Category Archives: Fundamentalism

A Crisis of Childishness.

 

Kindergarten.

The term itself is Germanic in derivation and, I believe, the concept as well.

Children, able to be separated from their parents for a single school day, brought together in groups according to their chronological age to be led by a competent adult, because socialization is considered vital to the success of an earthly civilization.

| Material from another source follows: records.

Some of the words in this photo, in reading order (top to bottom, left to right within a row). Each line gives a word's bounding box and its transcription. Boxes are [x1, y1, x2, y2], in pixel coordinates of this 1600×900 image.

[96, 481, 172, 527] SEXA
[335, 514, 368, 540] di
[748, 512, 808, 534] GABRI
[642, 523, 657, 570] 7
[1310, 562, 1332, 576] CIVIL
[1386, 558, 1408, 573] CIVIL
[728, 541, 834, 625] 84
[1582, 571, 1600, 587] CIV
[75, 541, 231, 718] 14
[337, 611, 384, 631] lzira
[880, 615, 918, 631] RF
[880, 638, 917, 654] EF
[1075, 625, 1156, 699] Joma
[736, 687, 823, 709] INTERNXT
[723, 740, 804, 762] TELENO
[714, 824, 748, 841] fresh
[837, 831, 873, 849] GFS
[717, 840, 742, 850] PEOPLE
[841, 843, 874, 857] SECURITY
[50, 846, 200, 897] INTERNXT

I remember what we did in Kindergarten. The year was 1962. Mrs. Williams’ room was the largest one at Lincoln School, with the bay window where the painting easels stood.  We each had a spot on the rug, sat cross legged, and faced her laced up shoes as she stood in front of us. We always opened each morning with a song, then the day of the week and the weather. We always made pictures, had a nap, played games and ate a snack.

But, beyond all this, a sentient sage compiled all the things that made it truly important and put them onto a lovely poster: “Everything I Really Need To Know I Learned in Kindergarten”. Herewith, a couple I’d like to add to that list:

a.) Keep your hands to yourself.

Goodness. Need we say more?

b.) Be kind.

How about:

c.) Tell the truth.

Are there any questions?

Does everybody understand?

Over the past couple of decades, I have watched the nation I call my own collapsing into a puddle of human depravity. This has made itself manifest in the form of fundamental behaviors we used to tell children were unacceptable.

Grown ups, touching each other inappropriately, but with sophisticated persuasive tactics that would make a chemist blush. And, then, going to equally intricate lengths to scrub out the crayon mark tracks they leave behind.

Alleged adults, grasping after power over one another’s things, taking what doesn’t belong to them with such drooling greed that even the 5 year olds would stop, stare, and wag an admonishing finger.

Moreover, the leader of our country, who is supposed to be the model for doing what is right, paying money to keep quiet those who would tell on his bad behavior to the people and then saying to everyone that, even though a girl said a man didn’t keep his hands to himself, we should let him into the little club where they make all the rules for good behavior for the whole country.

In fact, just today, all the leaders of the other countries laughed at him.

I don’t know about you, but I am embarrassed.

I’m mortified.

I suspect the Chancellor of Germany is appalled.

Our country is remedial. We need a retake, and a redo. We could do well to start over. Before we know it, the bell will ring, and school will be out.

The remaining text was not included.